Habíamos venido con los chicos a la push, Tyler me había dicho que quería enseñarme a surfear, pero la verdad era que no sabía nadar, el agua estaba fría y no quería morir ahogada o por hipotermia.
—Bien, entonces ya vuelvo —dijo con un sonrisa antes de tomar su tabla de surf y correr hacia el mar.
—Si que le gustas a Tyler —dijo Bella a mi lado. Ambas estábamos sentadas en la ban, comiendo regaliz.
—Cállate, no es cierto —contradije yo, con una sonrisa.
—Ya no sé si valga la pena, eh —confesó Eric, subiéndose la cremallera del traje para surfear.
—Ya vinimos hasta acá —refutó Jessica, haciendo lo mismo que Eric y Mike.
—Si, tiene razón —apoyó Mike.
—Son unos bebés, vamos —siguió diciendo Jessica.
—Sigo creyendo que Eric me va a invitar al baile... —dijo Ángela, llamando mi atención—. Y no... no lo hace.
Abrí la boca para responder, de nuevo tenía la duda y no me parecía justo que se matara la cabeza pensando porqué no la invitaba.
—Entonces hazlo tú. Eres una mujer fuerte, independiente —dijo Bella antes que yo, y sonreí porque era cierto.

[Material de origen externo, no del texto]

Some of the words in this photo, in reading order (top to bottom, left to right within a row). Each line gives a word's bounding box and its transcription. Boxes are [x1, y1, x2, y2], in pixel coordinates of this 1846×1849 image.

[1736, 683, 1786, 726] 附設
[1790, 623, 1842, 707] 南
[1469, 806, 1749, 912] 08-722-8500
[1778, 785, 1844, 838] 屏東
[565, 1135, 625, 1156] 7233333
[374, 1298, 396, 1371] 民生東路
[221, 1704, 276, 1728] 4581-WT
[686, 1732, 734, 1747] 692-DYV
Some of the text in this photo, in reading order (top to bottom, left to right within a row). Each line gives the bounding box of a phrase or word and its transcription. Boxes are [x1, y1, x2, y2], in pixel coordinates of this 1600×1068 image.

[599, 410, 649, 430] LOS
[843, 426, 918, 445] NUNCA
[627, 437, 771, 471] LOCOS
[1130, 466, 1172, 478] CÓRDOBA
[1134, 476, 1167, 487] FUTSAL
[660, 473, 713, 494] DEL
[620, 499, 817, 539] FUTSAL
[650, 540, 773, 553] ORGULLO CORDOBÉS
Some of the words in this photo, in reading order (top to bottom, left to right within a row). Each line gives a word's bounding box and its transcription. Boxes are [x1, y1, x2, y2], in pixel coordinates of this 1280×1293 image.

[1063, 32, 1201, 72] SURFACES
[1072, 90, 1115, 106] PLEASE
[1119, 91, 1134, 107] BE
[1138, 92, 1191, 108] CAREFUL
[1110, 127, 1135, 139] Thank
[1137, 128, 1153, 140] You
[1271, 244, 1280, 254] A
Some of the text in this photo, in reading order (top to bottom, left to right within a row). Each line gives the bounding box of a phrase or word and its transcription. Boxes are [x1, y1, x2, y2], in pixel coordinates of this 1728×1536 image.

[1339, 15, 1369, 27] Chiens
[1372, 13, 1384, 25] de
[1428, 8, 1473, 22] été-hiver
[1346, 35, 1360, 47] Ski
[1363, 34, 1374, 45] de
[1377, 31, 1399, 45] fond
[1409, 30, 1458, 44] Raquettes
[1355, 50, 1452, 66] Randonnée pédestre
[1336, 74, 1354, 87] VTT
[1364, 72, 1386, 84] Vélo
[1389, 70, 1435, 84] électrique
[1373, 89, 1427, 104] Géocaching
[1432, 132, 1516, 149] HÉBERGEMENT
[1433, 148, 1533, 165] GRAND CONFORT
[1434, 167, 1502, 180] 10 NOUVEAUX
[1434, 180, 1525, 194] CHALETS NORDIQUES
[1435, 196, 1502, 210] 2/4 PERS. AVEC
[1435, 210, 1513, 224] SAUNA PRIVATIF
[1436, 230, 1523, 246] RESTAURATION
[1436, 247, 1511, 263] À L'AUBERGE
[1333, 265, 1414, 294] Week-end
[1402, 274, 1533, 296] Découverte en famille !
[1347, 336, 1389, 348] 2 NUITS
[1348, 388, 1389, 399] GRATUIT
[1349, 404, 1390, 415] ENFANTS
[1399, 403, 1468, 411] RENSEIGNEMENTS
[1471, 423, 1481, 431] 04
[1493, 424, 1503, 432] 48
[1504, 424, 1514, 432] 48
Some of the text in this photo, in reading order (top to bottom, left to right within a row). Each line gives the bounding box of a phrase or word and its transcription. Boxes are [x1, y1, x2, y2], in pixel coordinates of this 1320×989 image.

—¿Tú crees? —preguntó ella.
—Por supuesto.
—¿Tú qué opinas, Keira? —me preguntó.
—Bella tiene razón, Angie, invítalo tú —mordí un pedazo de mi regaliz y me encogí de hombros—. ¿Qué es lo peor que puede pasar? Eres increíble, estoy segura de que él también verá eso.
—Gracias —sonrió complacida y yo asentí.
—¿Me lo cierras? —dijo Jessica llegando, hacia donde nos encontrábamos, refiriéndose a su traje.
—Claro —aceptó Ángela, quien le subió el cierre.
Seguido de esto, ví llegar a tres chicos de cabellera larga y piel bronceada, lo cual se me hacía extraño, teniendo en cuenta que en Forks era muy notoria la ausencia del sol.
—Bella —exclamó el que tenía un gorro de lana azul en la cabeza.
La miré sin comprender nada, ¿había hecho amigos sin mí? Eso era.... Uau, genial, teniendo en cuenta que le costaba bastante congeniar con los demás. Le di un pequeño codazo, preguntándole con la mirada quién era.
—Oh... Chicas, Kai, él es Jacob, de la reserva —nos presentó.
—Un placer, soy Keira —dije con un pequeño asentimiento de cabeza.